Niles shared lessons learned from the college’s experience. First, it took time; it took years for UVM to get to the point where it had a concrete open scholarship statement in any RPT guidelines at the college level. Second, it’s a process. Niles hopes the language will be improved in the future; but CALS’ language is a start. Third, she acknowledged the language adopted by CALS may not be relevant for other units, customization is to be expected, and flexibility is necessary to scale the effort. Finally, CALS committed to the term open scholarship, rather than open science, which was intentional in order to be inclusive and inviting to all disciplines and perspectives.

In total, four colleges have made changes to their guidelines:

  • The College of Education and Social Sciences: evidence of high-quality scholarship is primarily evidenced by the publication of refereed scholarly research articles in top-tier journals (including specialist and general where appropriate), books published by highly regarded presses, and competitive national, international, or state grants which advance, integrate, apply, and/or transform knowledge. Such publications include open access work, where possible, and video articles in ASL.  (adopted November 2024)

  • The College of Nursing and Health Sciences:  publishing scholarly work in professional journals, books; including indexed open access journals and publications; presenting scholarly work; submitting grants (internal and/or extramural) for funding or conducting funded research contributing to the research field by engaging in other scholarly activities (see examples below)  (August 2024)

  • The Larner College of Medicine Standards: scholarship in the field of education can be demonstrated through contributions such as curriculum development and dissemination, development of new teaching strategies, creation of novel teaching modules or development of new assessment tools.

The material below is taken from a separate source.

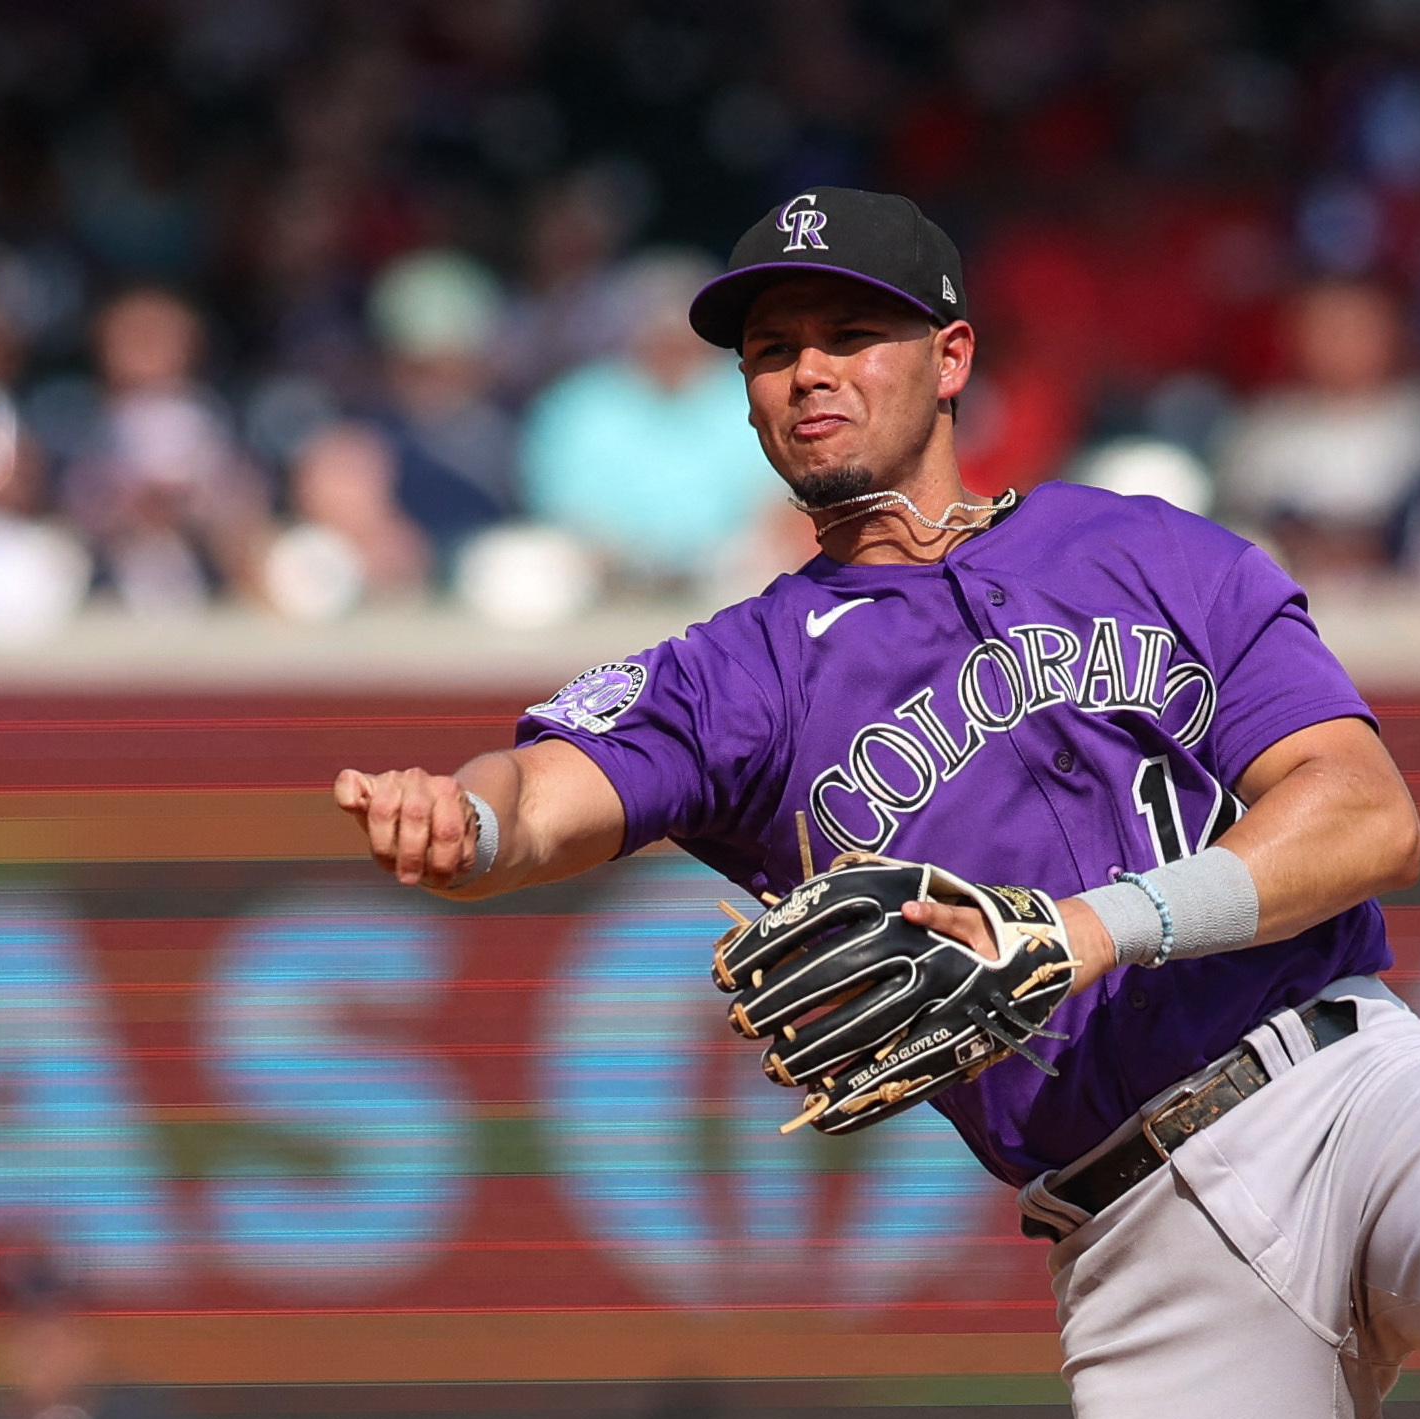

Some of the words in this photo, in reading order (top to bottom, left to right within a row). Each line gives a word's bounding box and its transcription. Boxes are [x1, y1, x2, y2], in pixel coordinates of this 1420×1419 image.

New modalities of scholarship such as blogs, virtual textbooks or similar are also recognized with documentation of dissemination and effectiveness. LCOM values and is committed to open scholarship that promotes open access of sharing scholarly output.  (April 2024)

Creating and supporting an open scholarship culture on campus

Beyond changes focused specifically on tenure-track faculty, UVM is pursuing a variety of strategies to support faculty, postdocs, staff and students to embrace open scholarship. UVM’s Interim President Prelock’s championing of these efforts has been central to their success. The provost and her implementation team have developed academic success goals and metrics to track the production and dissemination of open scholarship at UVM.

The University Libraries also appointed a scholarly communications librarian to assist with open publishing, data archiving and distribution of research.

In 2024, Prelock initiated a partnership with NASA to bring its Open Science 101 curriculum to UVM graduate students, post-doctoral students, and junior faculty. In collaboration with NASA, UVM sponsored the Data + Open Science Summit in January 2025 for current students, staff or faculty to explore open science and data practices including machine learning and data visualization.

To further advance open scholarship on campus, UVM obtained a grant from the Sloan Foundation to form the Vermont Research Open Source Program Office (VERSO). It supports the open source community in fostering sustainable innovation through education, fellowships, research, and collaboration. VERSO aims to create an effortless open-source ecosystem on and off campus, growing a diverse community while building the necessary infrastructure to support open-source software development at UVM.